Marcus, 50, was at the opening, a short walk from his studio. He wore a mustard-yellow shirt and ketchup-red leather shoes – though he never, but never, puts ketchup on his hot dog – his long, scraggly beard peeking out from his mask. A longtime New Yorker – in a gray and teal Knicks cap – Marcus spent years illustrating for magazines like Rolling Stone and High Times, and in 2000 he crafted the animations for the Red Hot Chili Peppers’ “Californication” tour. But in the last decade or so, he’s turned his attention to Jewish art.
“When I do the work, I like to be able to represent my roots and culture,” said Marcus, in his thick tri-state accent — a bit of New Jersey and New York. “At the same time, I try to make it accessible, funny. A lot of times Jewish art is so heavy, it’s too intense. And it should be fun.”
Wrapping around the museum’s gallery wall, Marcus’ works, all hand-drawn with pen — thick lines and pops of color reflecting his underground and graffiti roots — are lightly subversive and largely deferential. In one drawing, he reimagines a Lubavitch Mitzvah Tank as an Oscar Mayer Wienermobile, complete with an image of Menachem Mendel Schneerson on the side. Yet the picture next to it, he told me, was drawn to follow the dictates of Halacha. In a street scene of a hot dog vendor giving out free kosher dogs to a minyan of hungry Jews, Marcus noted he left out a depiction of the sun, forbidden by Jewish law, so as not to offend any Orthodox viewers.
“I’m actually an educated Jew,” said Marcus, who studied Torah at Mesivta Tifereth Jerusalem yeshiva right near the museum. “It’s not a hipster beard!”
The work is informed by his studies; Gematria is sprinkled throughout the pieces and one work was directly inspired by the Talmudic aphorism “mustard seed is food for doves.” But more than that, like any dirty water dog, this exhibit is soaked through with New York history.
In the drawing “Little Nathan’s Dream,” Marcus imagines a young Nathan Handwerker — of the eponymous Nathan’s Hot Dogs — dreaming up his iconic Coney Island stand.
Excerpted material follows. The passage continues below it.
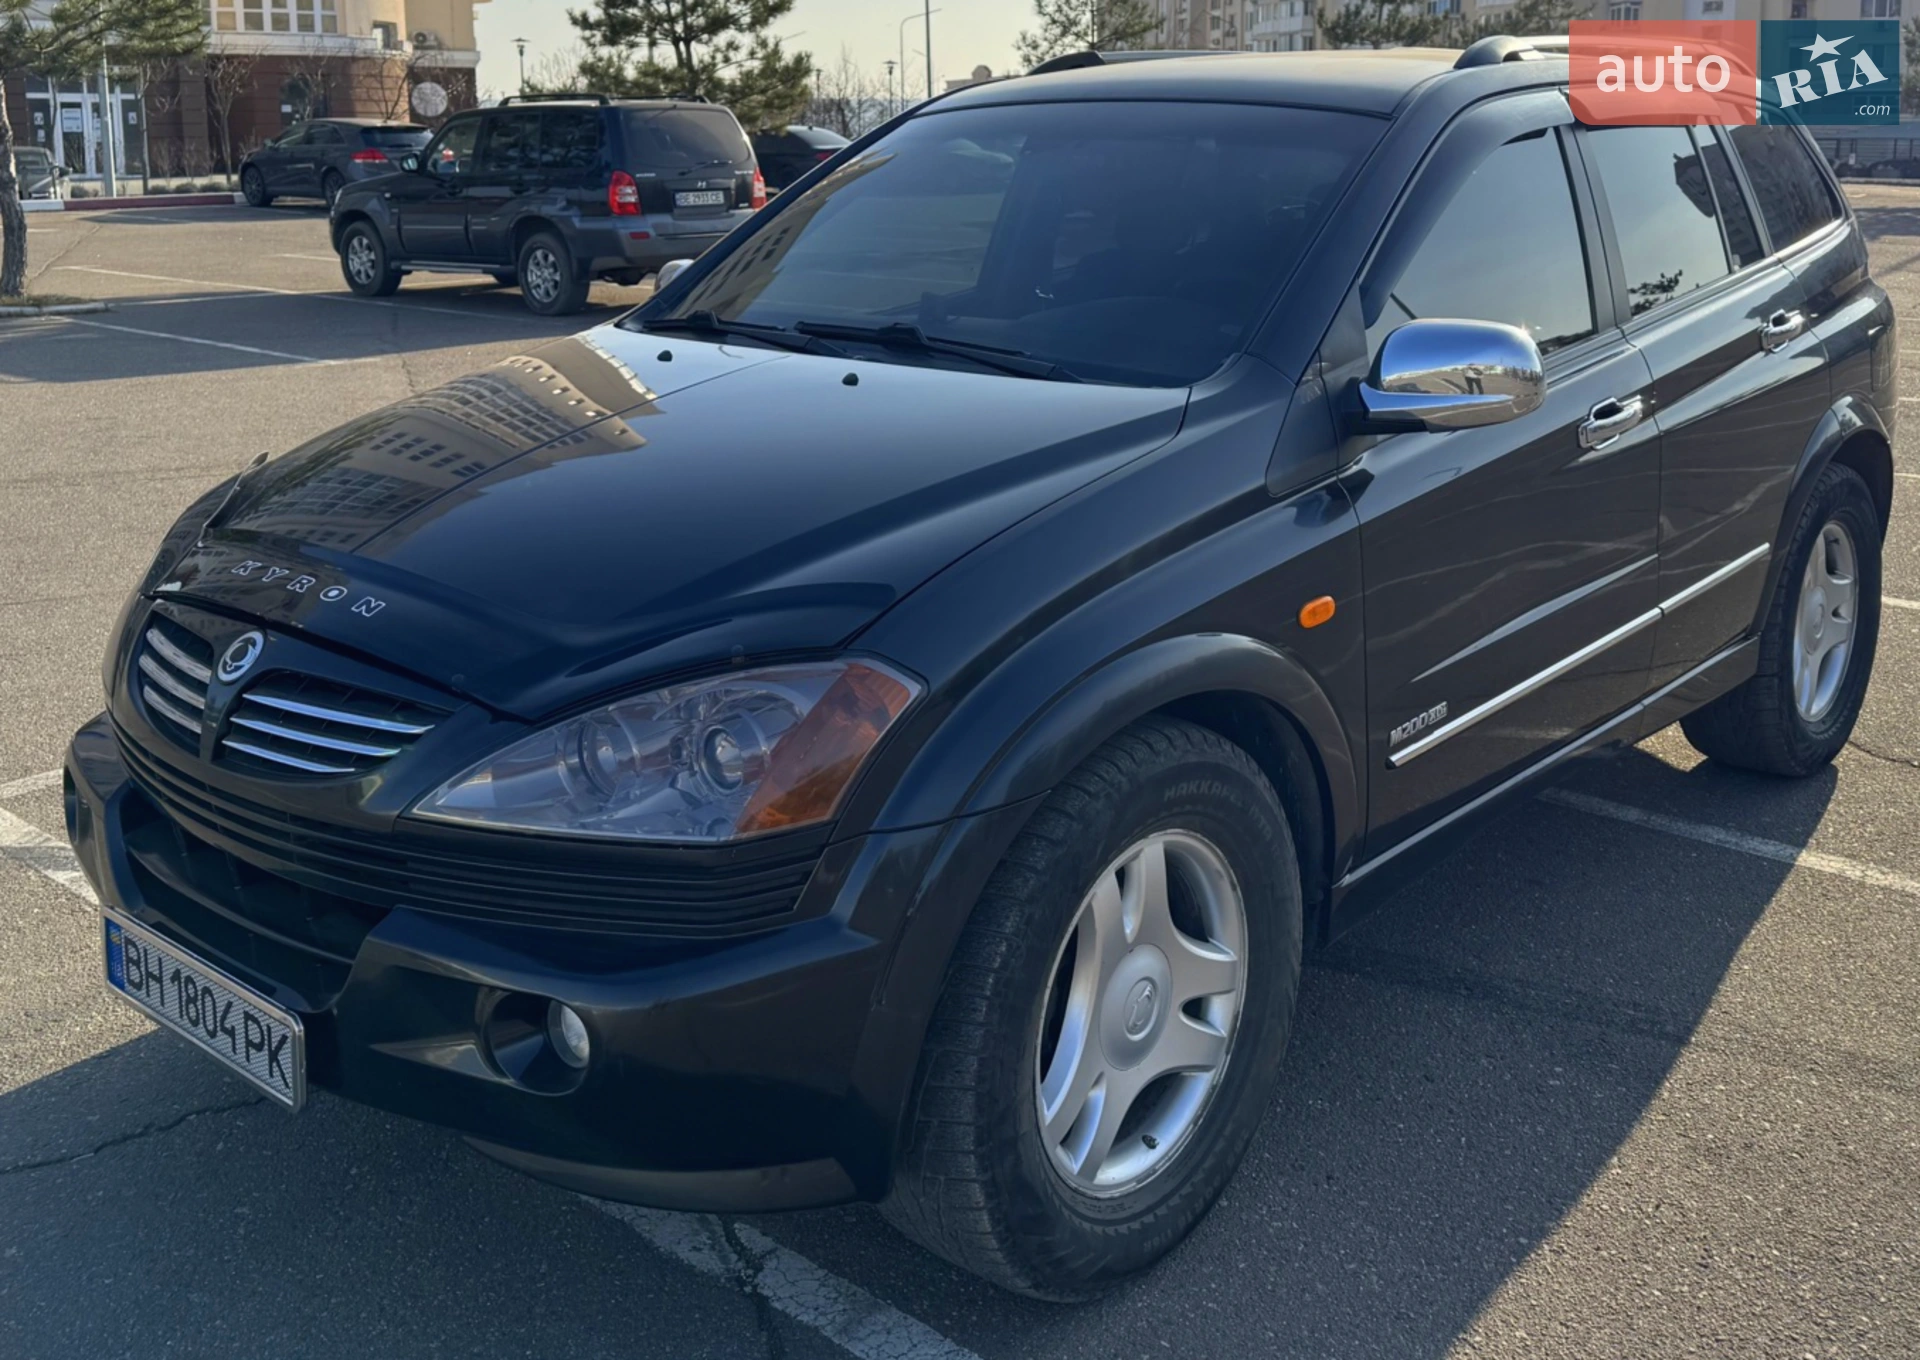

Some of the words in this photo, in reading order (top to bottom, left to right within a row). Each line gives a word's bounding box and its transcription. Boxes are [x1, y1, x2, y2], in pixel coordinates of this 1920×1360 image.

If you listen to Marcus’ audio guide — and you really must — you’ll learn how Nathan achieved that dream by offering a cheaper hot dog near the restaurant of his former employer, Charles Feltman. The roots of Hebrew National also get their time to shine, as do the Four Families of Mustard (“The Mustard Mob”), composed of Feltman and the heads of Gold’s, Ba Tampte and Bertman’s. The exhibit even shows ties to Eldridge Street Synagogue by way of “Kosher Sausage King of America” Isaac Gellis, once named the richest man on the Lower East Side and a founder of the shul.
Marcus describes himself as an “alpha nerd,” and, an avid collector, he brought in a sampling of his holdings to the exhibit, including an Isaac Gellis Haggadah, a CD of “Kosher Hits” from Hebrew National and a signed photo of Nathan’s Hot Dog Eating Contest winner Joey Chestnut, victorious and sweaty from his overindulgence. “This guy’s ready to plotz!” Marcus said.
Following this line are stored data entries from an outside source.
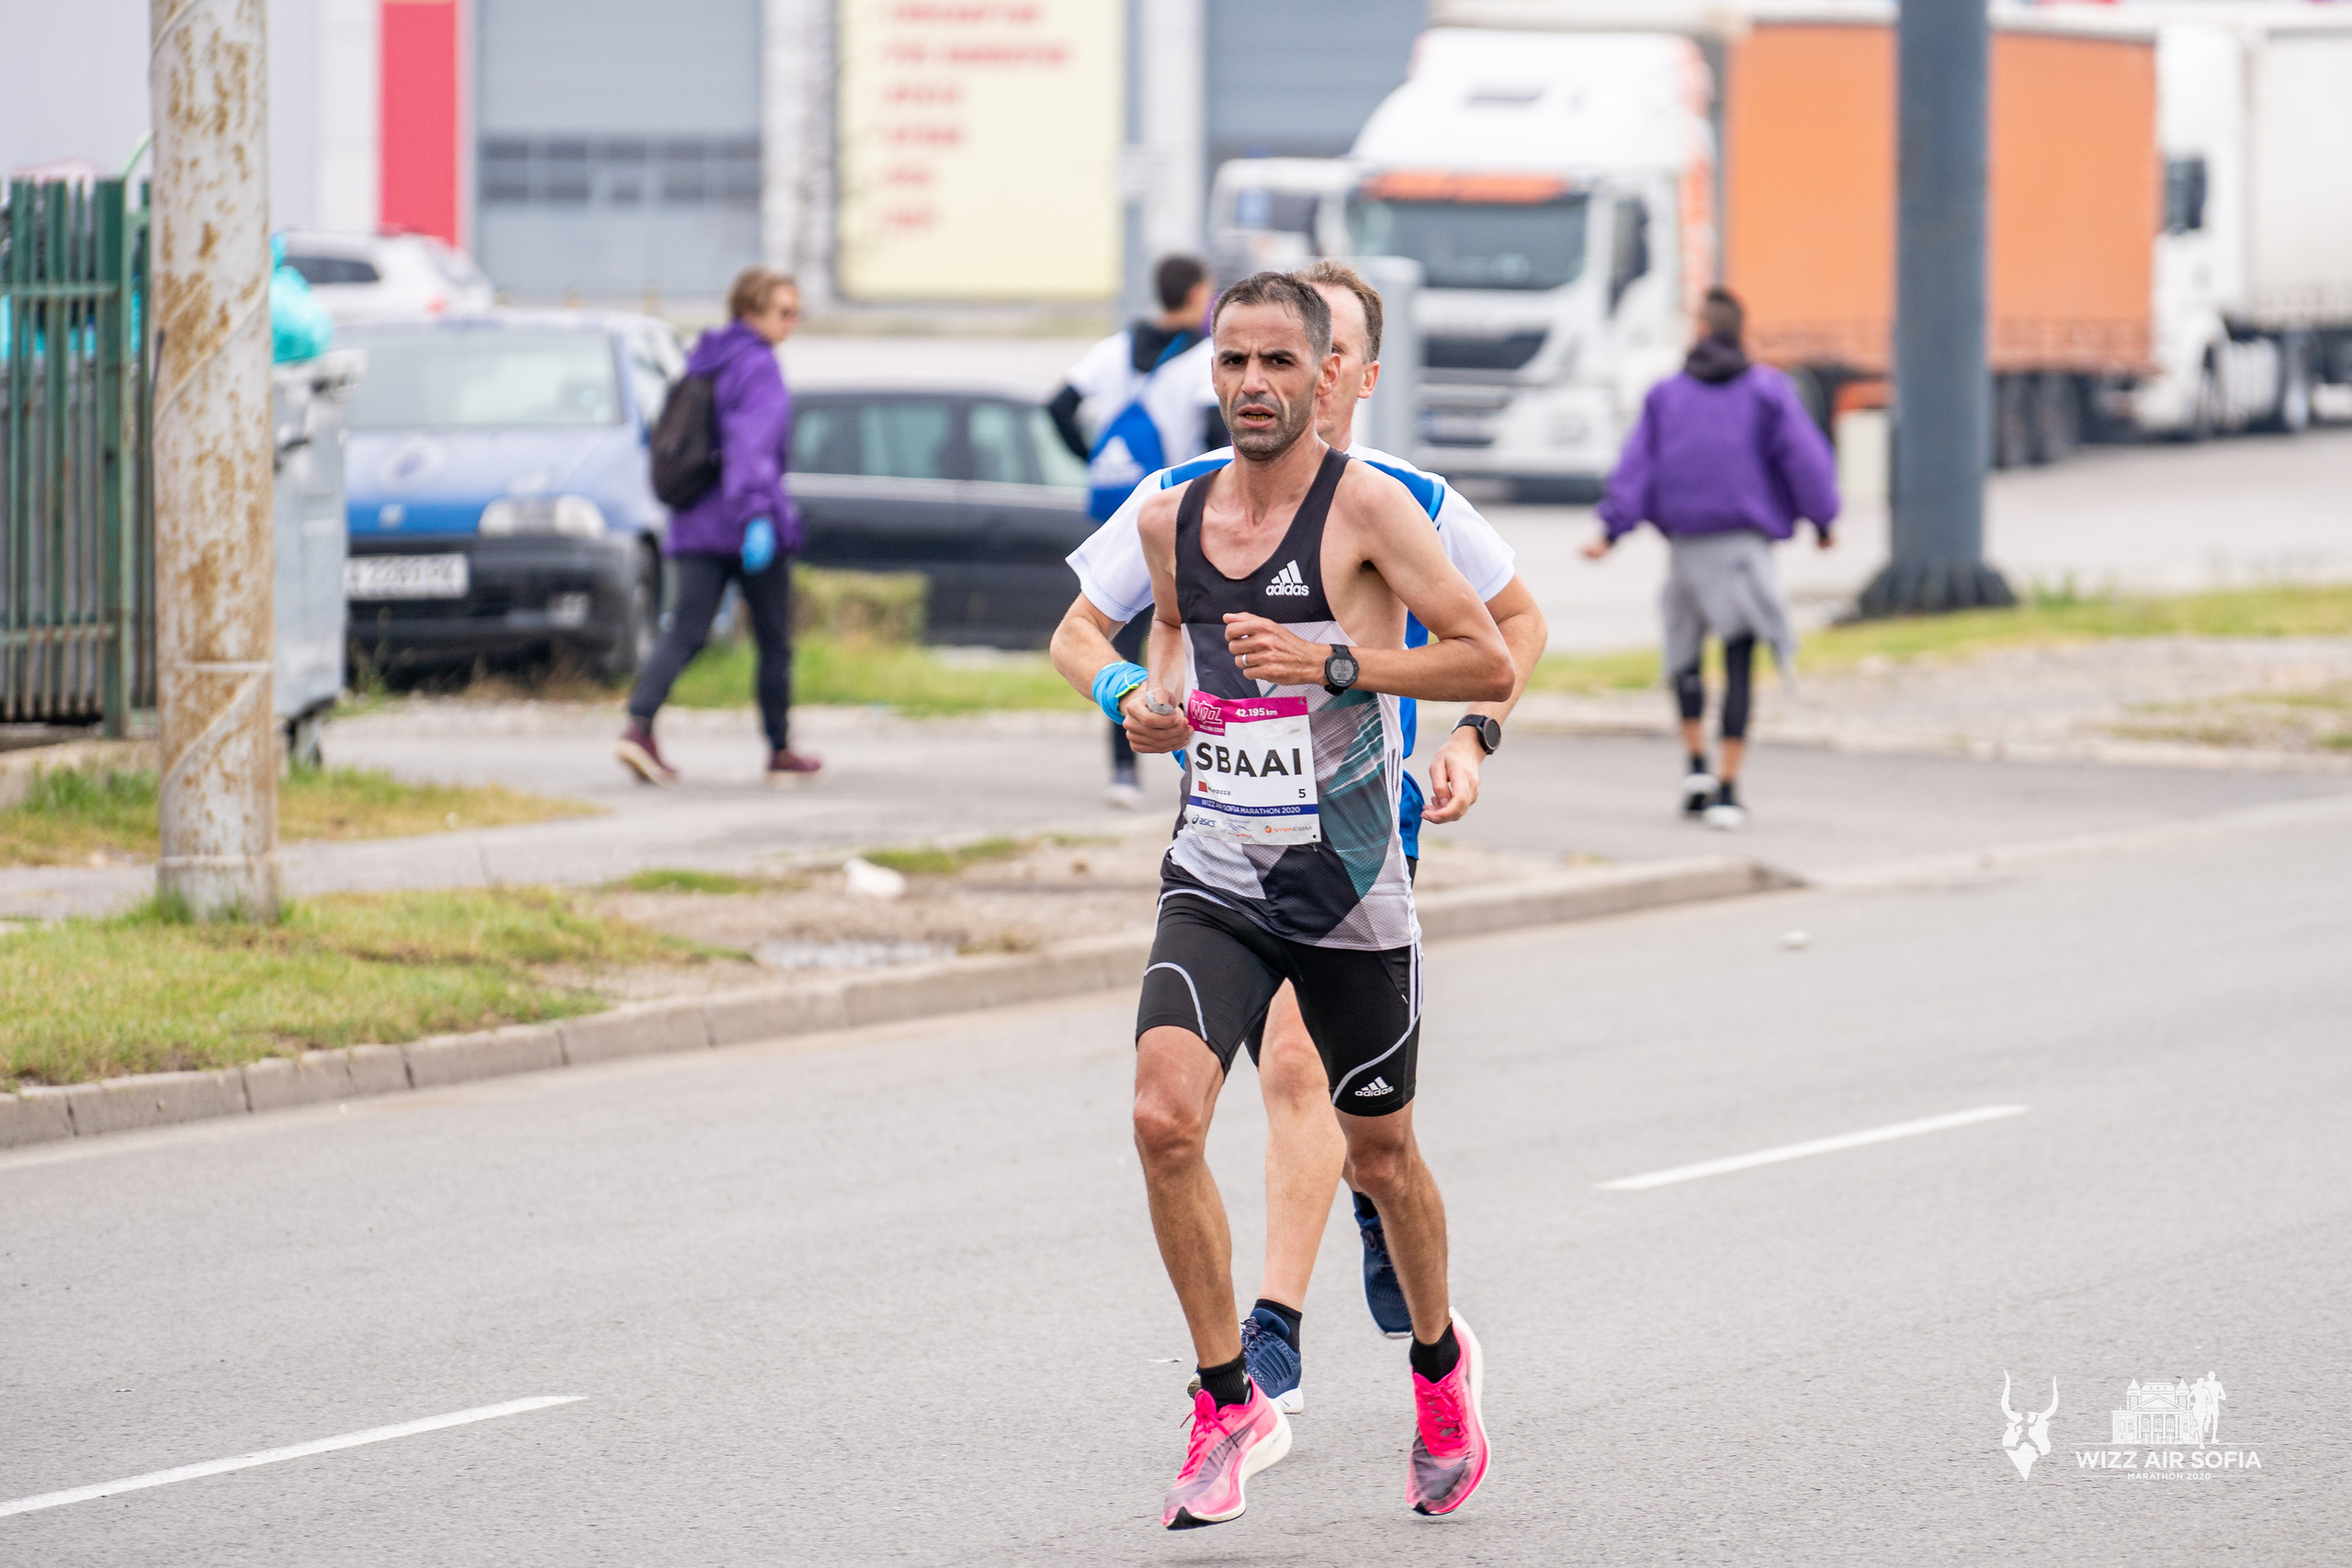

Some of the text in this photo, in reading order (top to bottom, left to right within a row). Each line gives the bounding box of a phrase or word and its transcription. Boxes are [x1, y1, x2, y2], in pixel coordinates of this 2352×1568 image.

[1265, 581, 1310, 596] adidas
[1235, 707, 1265, 717] 42.195
[1195, 741, 1302, 777] SBAAI
[1298, 788, 1306, 798] 5
[1201, 798, 1216, 807] WIZZ
[1223, 804, 1239, 813] SOFIA
[1240, 807, 1281, 815] MARATHON
[1282, 806, 1301, 814] 2020
[1354, 1086, 1394, 1097] adidas
But while the exhibit is propelled by history and, in Marcus’ words, “healthy obsession,” its origins speak to something more elemental: another Nate’s dream.
When Marcus’ 6-year-old nephew, Nate Gottlieb, came to visit him at his Catskills getaway, Marcus had hot dogs ready to go.
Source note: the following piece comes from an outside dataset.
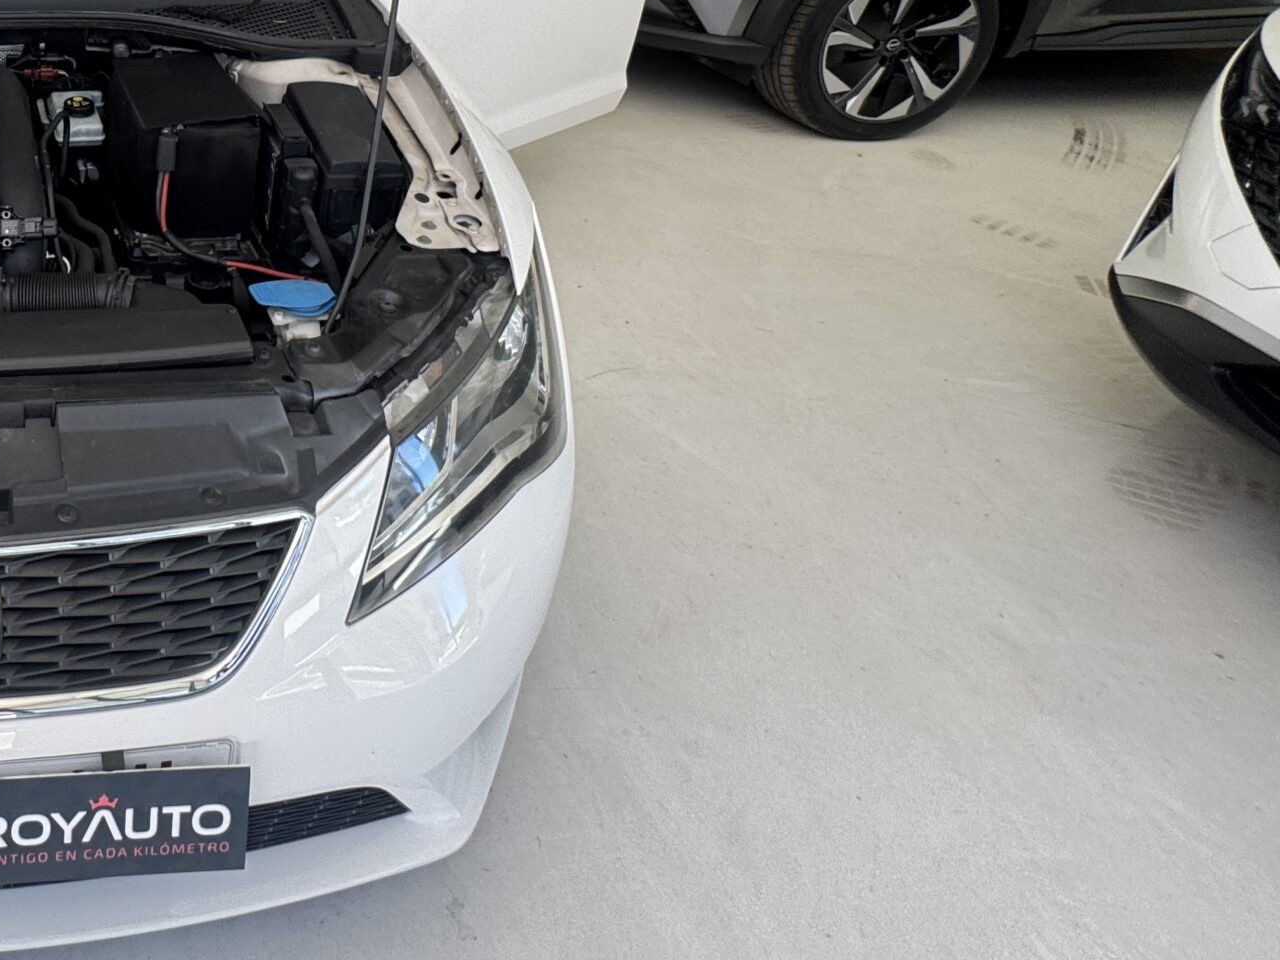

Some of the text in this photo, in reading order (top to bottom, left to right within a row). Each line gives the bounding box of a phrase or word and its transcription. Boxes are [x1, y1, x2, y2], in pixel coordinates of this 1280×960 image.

[56, 850, 77, 862] EN
[83, 847, 128, 860] CADA
[133, 841, 230, 857] KILÓMETRO
“He’s sitting on a rock and he looked over at me while he’s roasting a hot dog on a stick; he says, ‘Uncle Steve, this is my dream come true.’”
One could chart a direct line from this hot dog hospitality back to Abraham and his mysterious visitors; it is a love of tubed meat that passes l’dor v’dor, from generation to generation.
Marcus’ exhibit proves that when it comes to kosher sausage, if you will it, it is no dream.